What you need to do: Return, exactly, the line that contains "Some of the text" together with all lines after it to the end of the entries, and no further lines.

Information shown:
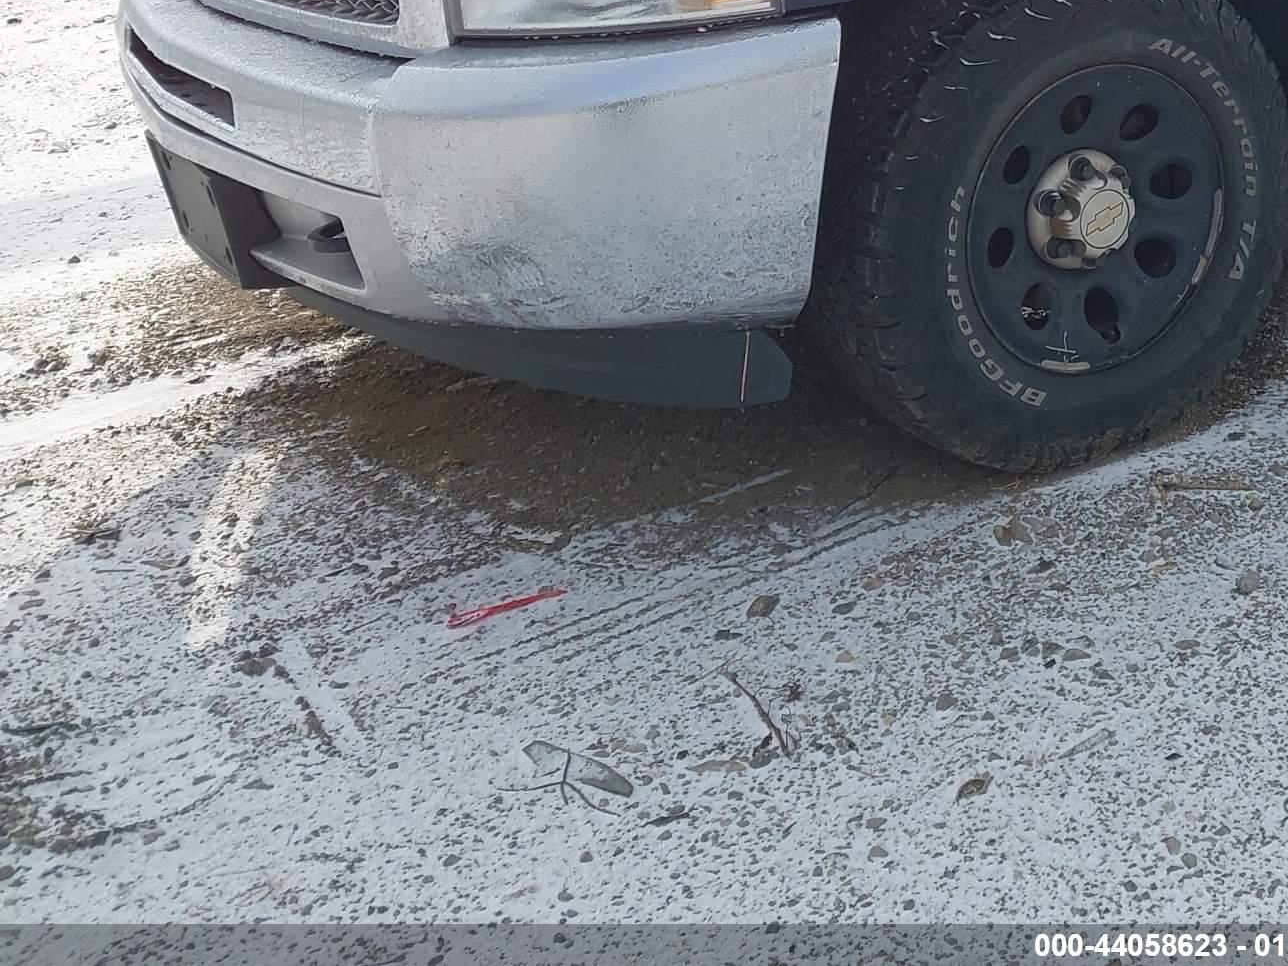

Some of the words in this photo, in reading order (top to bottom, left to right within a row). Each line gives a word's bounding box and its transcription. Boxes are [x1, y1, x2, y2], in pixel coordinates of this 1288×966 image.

[1149, 37, 1258, 196] All-Terrain
[1228, 220, 1256, 280] T/A
[945, 186, 1047, 407] BFGoodrich
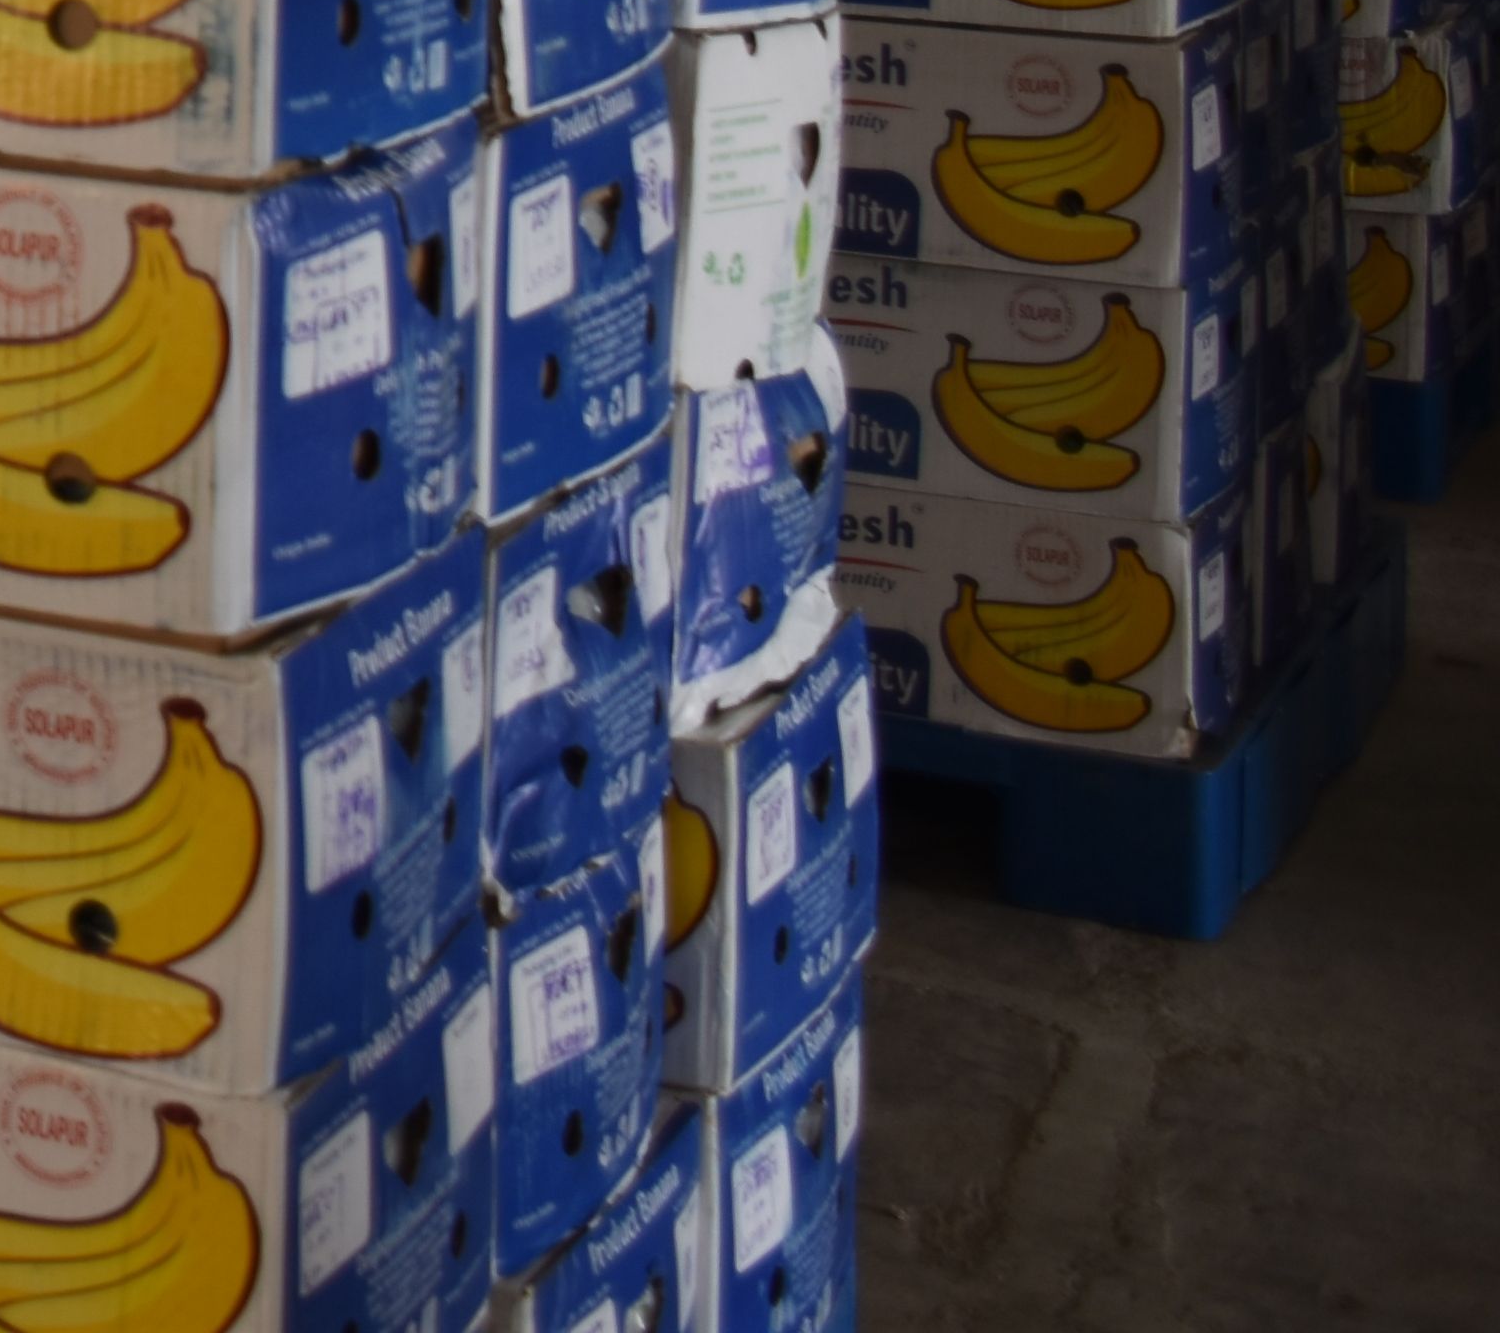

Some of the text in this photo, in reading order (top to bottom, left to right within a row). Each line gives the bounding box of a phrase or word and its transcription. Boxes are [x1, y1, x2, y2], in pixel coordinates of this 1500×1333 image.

[842, 189, 908, 246] lity
[849, 407, 908, 465] lity
[24, 708, 95, 744] SOLAPUR
[18, 1107, 88, 1147] SOLAPUR

Your response:
Some of the text in this photo, in reading order (top to bottom, left to right within a row). Each line gives the bounding box of a phrase or word and its transcription. Boxes are [x1, y1, x2, y2], in pixel coordinates of this 1500×1333 image.

[842, 189, 908, 246] lity
[849, 407, 908, 465] lity
[24, 708, 95, 744] SOLAPUR
[18, 1107, 88, 1147] SOLAPUR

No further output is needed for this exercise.